Questions like: is your 'phone "locked" apply. If its provided by the carrier it probably is. If you bought it in-store it probably isn't. Changing the SIM on an iPhone is easy if you are a teenager in possession of a paperclip, or a sales-person in a 'phone shop. Lots of providers sell monthly plans these days so a store in Porto is your likely solution.
I believe 4G phones are not locked. Unlike buying a phone in Spain they will not work in the US (or that's what Verizon told me)
 

biarritzdon

Veteran Member
Past OR future Camino
CF11, CF12, CP13, CF14, CA15, S.Anton15, CF&CI15
Ditch Pig16, CF&CP17, CdN18, CM18, CF18, LePuy19
I am on US Cellular. Is it going be more difficult getting a sim card for my phone
since US Cellular is more of a regional carrier
Ask your provider.
 

biarritzdon

Veteran Member
Past OR future Camino
CF11, CF12, CP13, CF14, CA15, S.Anton15, CF&CI15
Ditch Pig16, CF&CP17, CdN18, CM18, CF18, LePuy19
I believe 4G phones are not locked.
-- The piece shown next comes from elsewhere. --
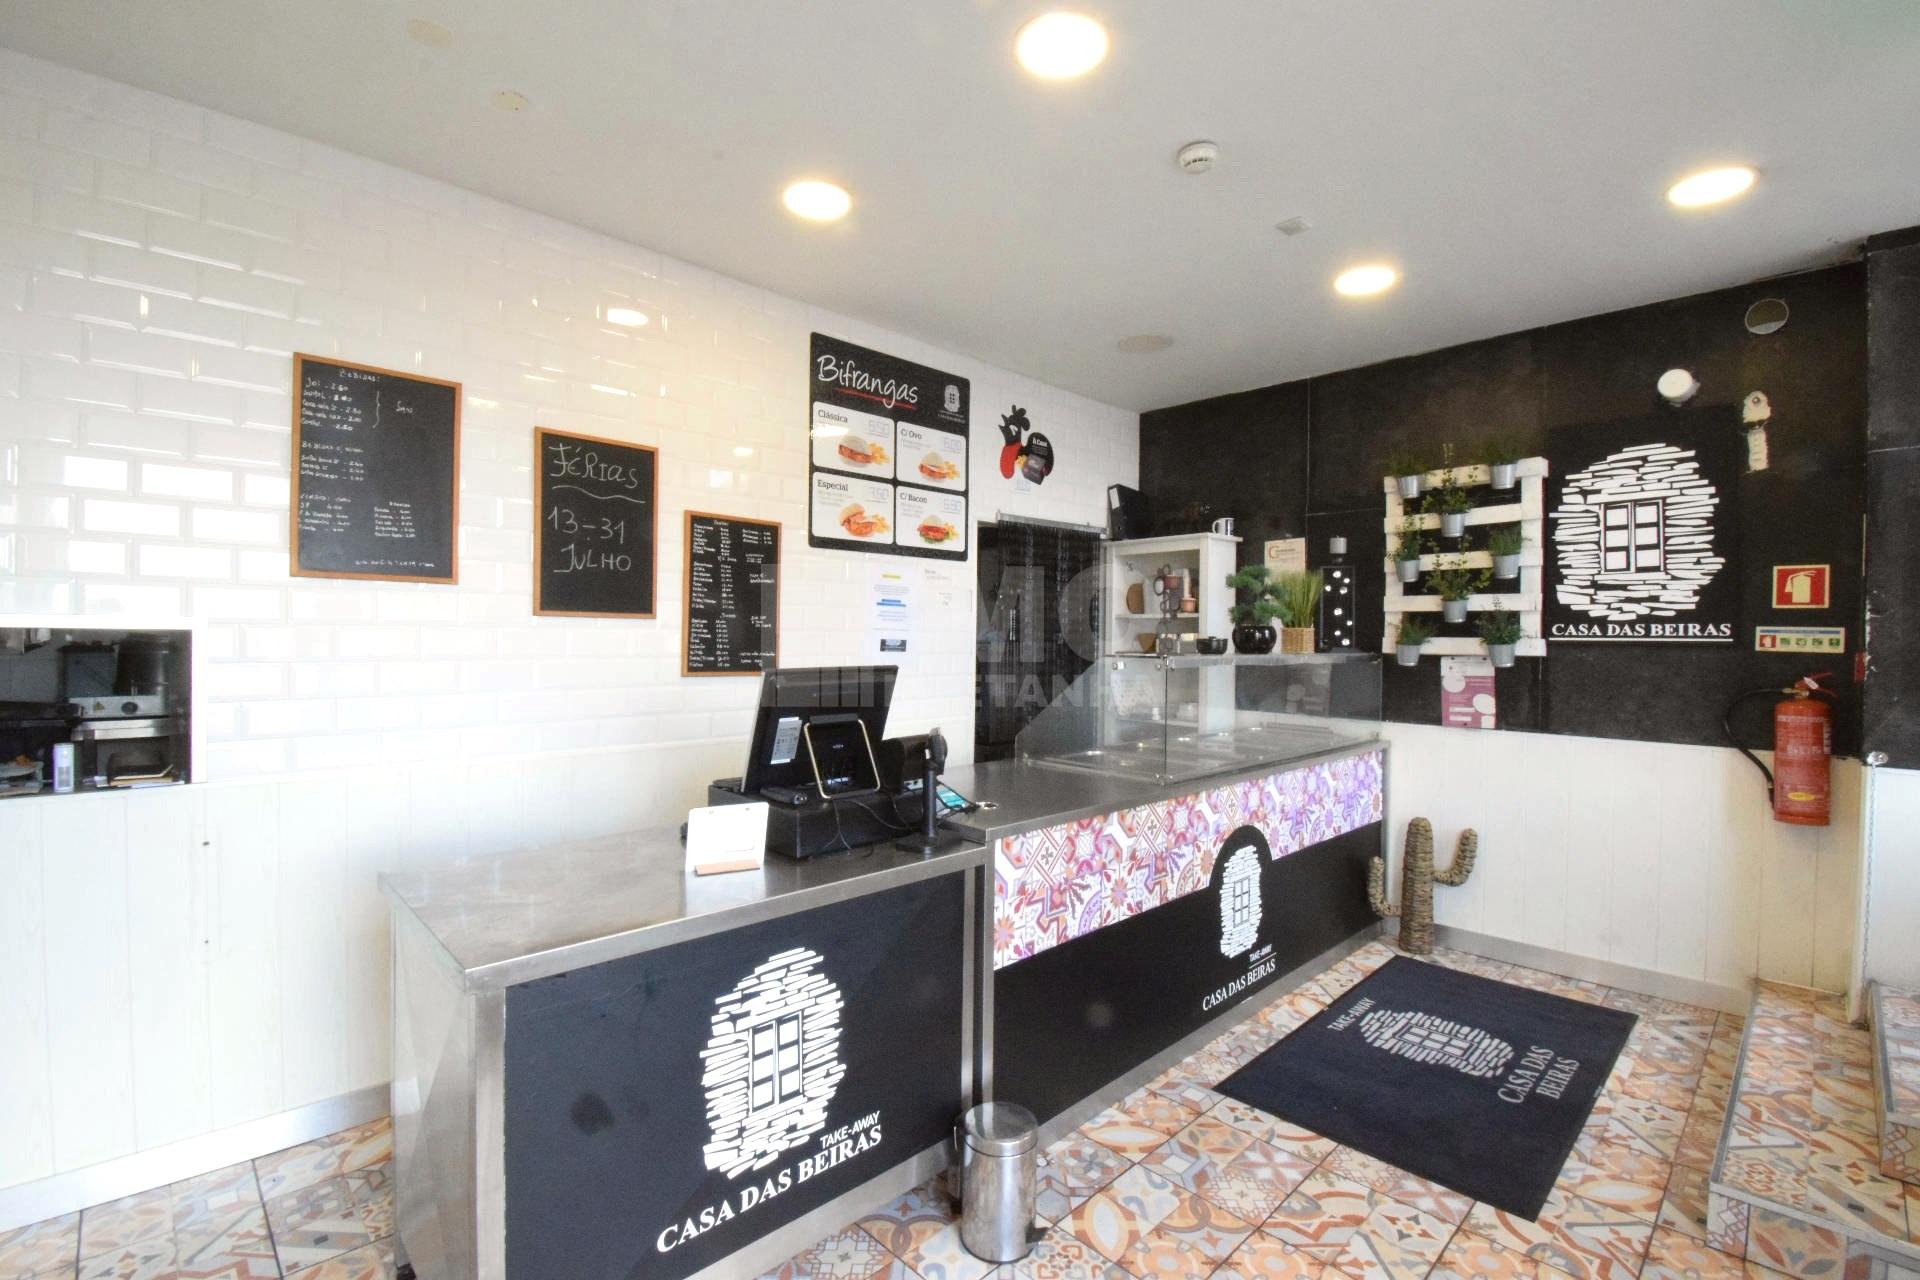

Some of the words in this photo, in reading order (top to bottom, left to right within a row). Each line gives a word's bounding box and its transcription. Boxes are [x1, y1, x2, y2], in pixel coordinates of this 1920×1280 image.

Unlike buying a phone in Spain they will not work in the US (or that's what Verizon told me)
I had an iPhone S for more than 15 years, I purchased the phone at a T-Mobile shop when there were no monthly plan and for years my service was a "pay as you go" plan. It made my life very simple when I lived or traveled to France and Spain, I would just walk into an Orange Shop and buy a plan which included their simcard.
Last month I upgraded my phone to an iPhone 13 and paid for the phone at the T-Mobile store which meant it would be unlocked, versus buying into a monthly payment plan to purchase the phone. I no longer have a "pay as you go" plan because access to wifi in the US was getting very frustrating without a data plan.
What is intersting about my new iPhone, there is no simcard in the port, it has an esim and the slot is open for any simcard I purcahse and install. I will be interested to see the two numbers pop up on the screen when I am traveling like the post from Rick of Rick and Peg.
 

jsalt

Jill
Past OR future Camino
Portugués, Francés, LePuy, Rota Vicentina, Norte, Madrid, C2C, Salvador, Primitivo, Aragonés, Inglés
I’m going to Portugal for 3 weeks soon, and would like to be able to use the phone to call a cab if needed or for emergencies. I’m from Canada, a travel plan from the carrier is very expensive.
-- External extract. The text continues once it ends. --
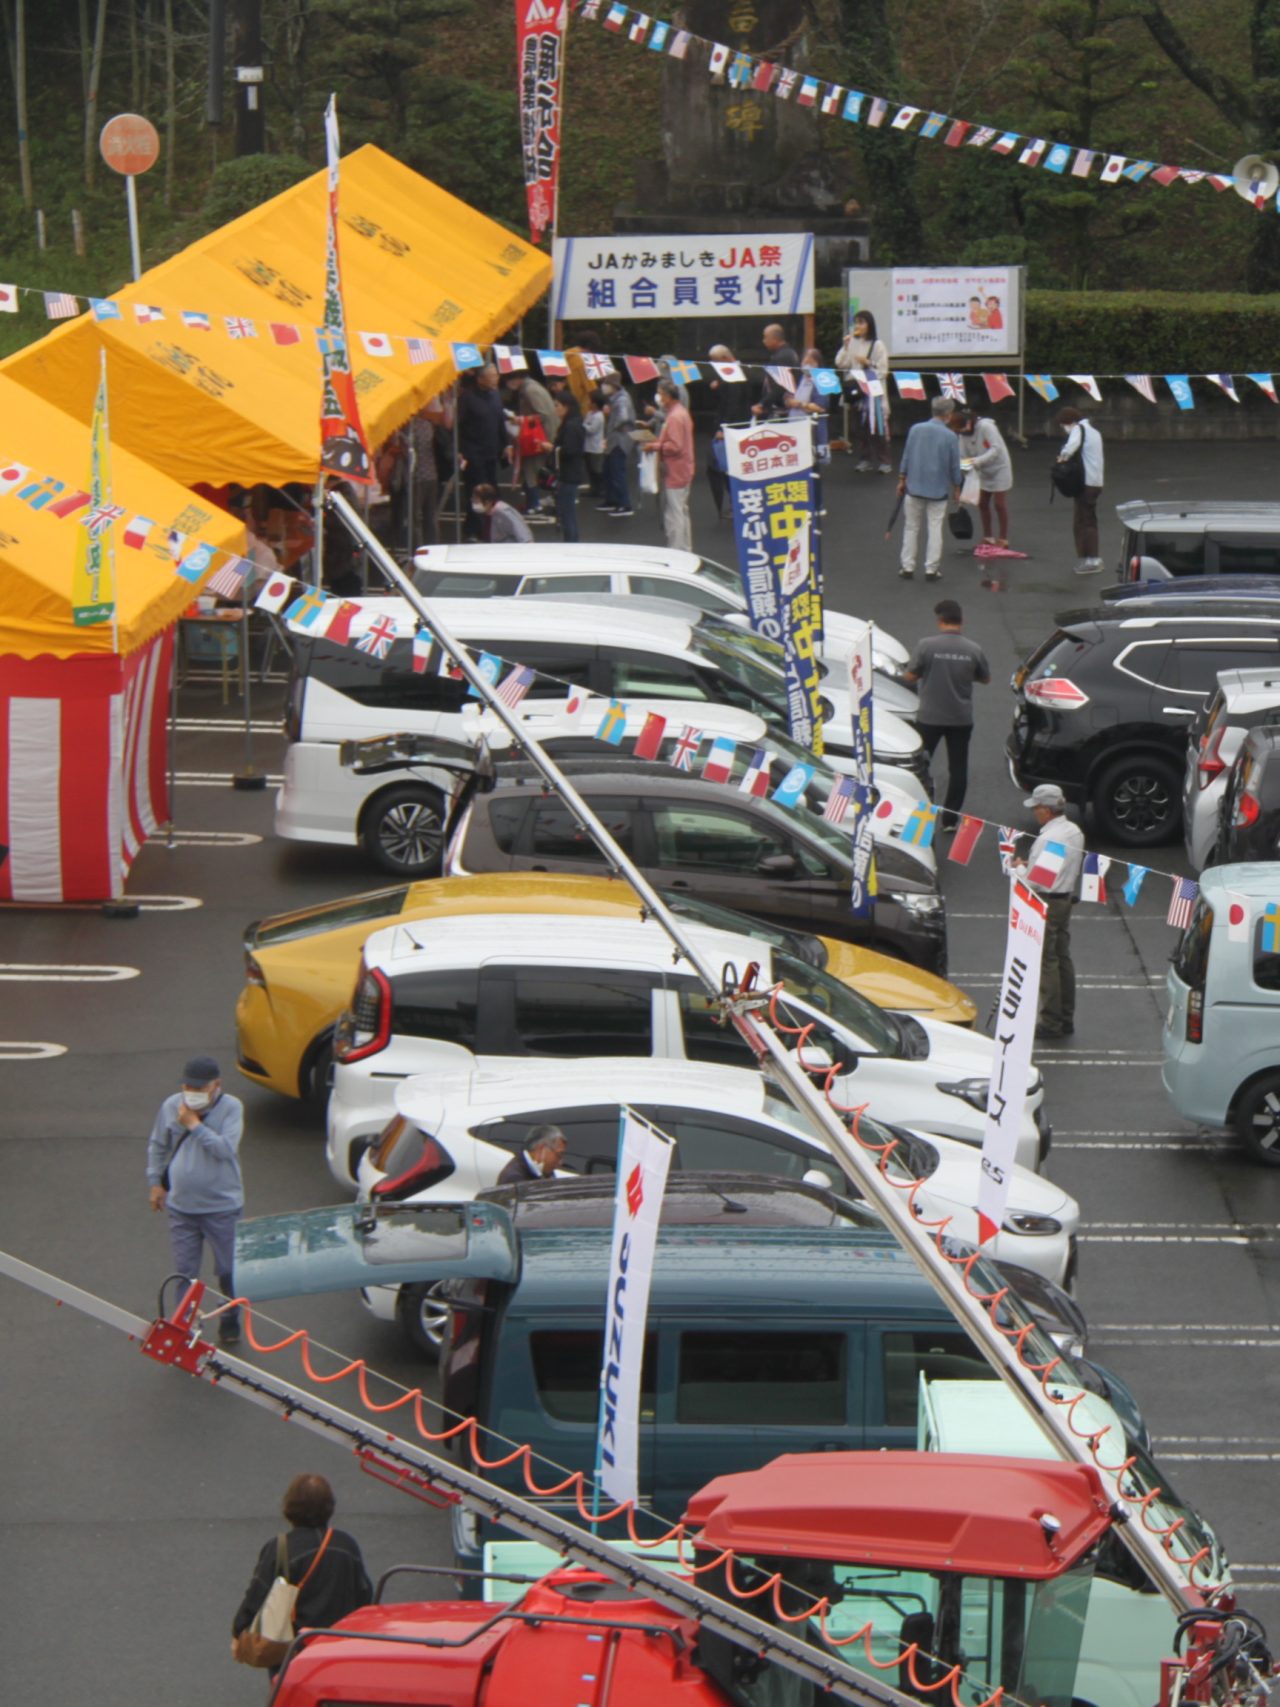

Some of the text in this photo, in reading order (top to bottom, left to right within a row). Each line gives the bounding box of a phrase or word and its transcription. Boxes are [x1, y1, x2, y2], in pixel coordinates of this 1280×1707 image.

[588, 244, 782, 270] JAかみましきJA祭
[587, 274, 784, 309] 組合員受付
I don’t know how it works in Canada, but can you not get “international roaming” installed on your own cell phone, for in case of emergencies, but at no cost if you never ever use it?

That’s what I used to do (from South Africa) years ago, before we were connected to the European system. I could then take my own phone, that I am used to (I am also a cell phone idiot), in the certain knowledge that I could use it in an emergency.

The only time I can remember having to use it was to phone the number on the door of a residencial at Verdelha de Baixo, one stage out of Lisbon, to call the owner. It took a few seconds, he answered in English, and he was on his way.

Any bar, café, or restaurant will phone a taxi for you. For anything else I use the free wifi, which is all across Europe now.
 

Jeff Crawley

Veteran Member
Past OR future Camino
A "Tourigrino" trip once Covid has passed, so 2023
Don't forget that if you leave your existing phone (and SIM card) at home then people calling you on it - maybe your bank - won't be able to get in touch with you without having your new phone number which you, yourself, won't know until you buy your SIM card/burner phone (what a delicious, illegal scenario those words conjure up!).
As others have said, if you do take your home SIM card with you guard it with your life. There were several stories in UK newspapers in the days before Covid where cards were filtched abroad and used before the owner was aware of it.
In one case a lady had her SIM stolen in a hotel in the far east and somebody ran up a bill of £1500 (about $2500 CAD) before the phone company realised something was wrong and blocked it and then declared it was the lady's fault!
Better safe than sorry.
Have a great trip, Portugal is a lovely country.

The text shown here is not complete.